Print media was hit hardest and fastest because classified ads were instantly obsolete in the digital age, as anyone who has ever browsed Kijiji, Craigslist or a Facebook community group — all free — could tell you. Television and radio were a bit more robust than print, and have avoided the worst of the economic catastrophes that have already destroyed most legacy print titles on this continent, leaving them desiccated husks of their former selves, if they remain open at all. Broadcast, though, has not been immune to this advertising armageddon, and indeed, seems to be catching up. The business model is collapsing there, too.

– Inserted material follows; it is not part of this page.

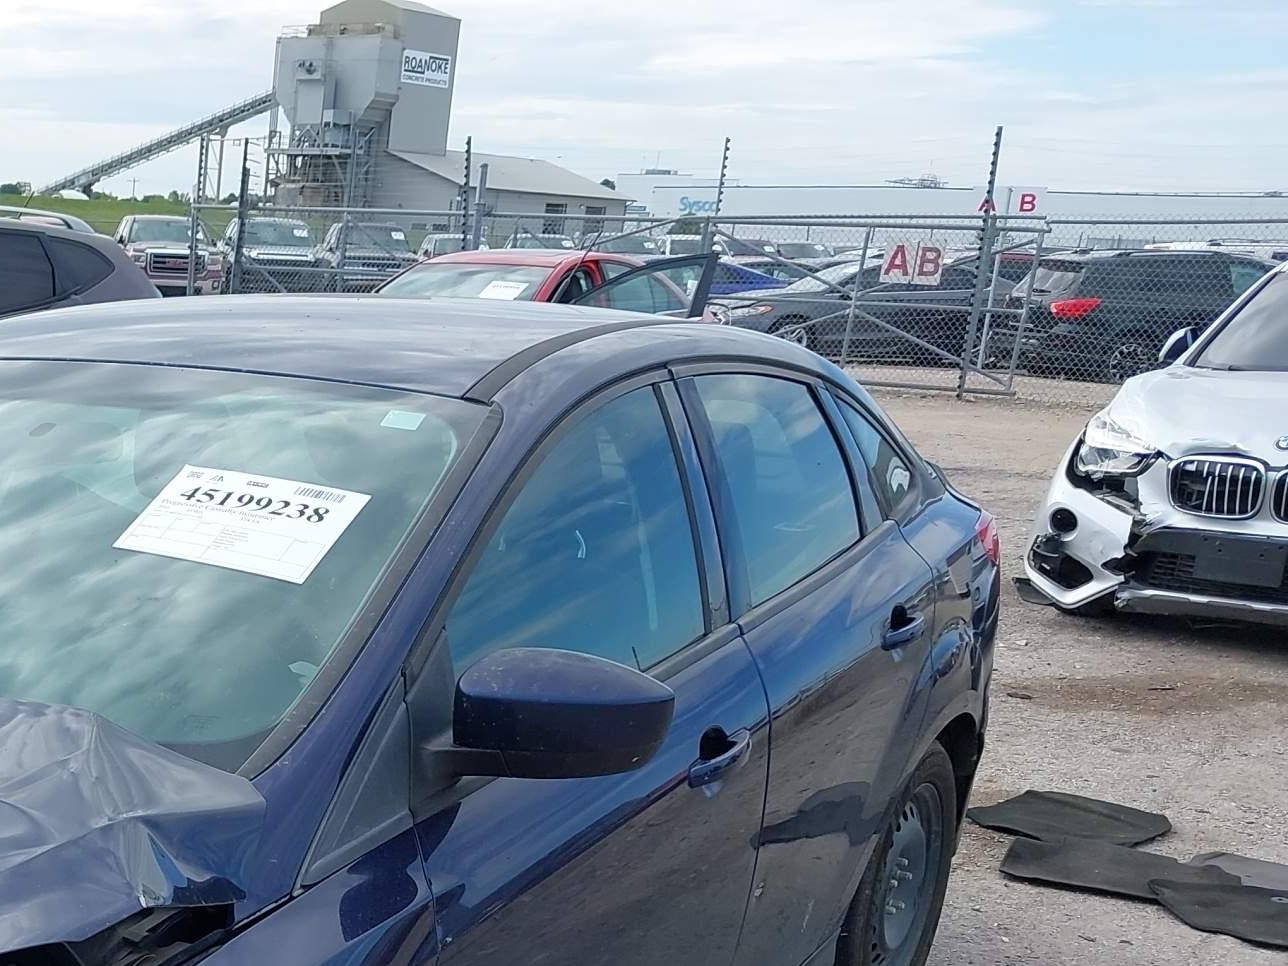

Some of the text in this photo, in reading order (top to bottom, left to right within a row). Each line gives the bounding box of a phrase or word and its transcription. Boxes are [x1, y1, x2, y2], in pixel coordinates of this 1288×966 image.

You’ve probably heard this week that CTV National News is Canada’s top-rated evening newscast, with as many as a million people tuning in on a typical weeknight. Those are good numbers. But if you look back a couple of years, you can see something instantly: these numbers are, at best, stable. Ratings are always a hard thing to precisely evaluate, but it’s probably fair to say that the show’s numbers are in a slow, gradual decline. More broadly, the price of a 30-second TV ad can command is also in gradual decline. (We can’t speak to CTV’s specific sales, so rely here on general industry trends.) The television audience in North America is already older than the baseline population; U.S. stats are easier to find, and we’ll use them here for simplicity: though the different U.S. networks all have a different “average” viewer, the average ages are all well into their 50s. The average American is just now approaching 40 — that’s a 10-20 year spread between the average American and the average TV-viewing American. TV viewers are old, and getting older.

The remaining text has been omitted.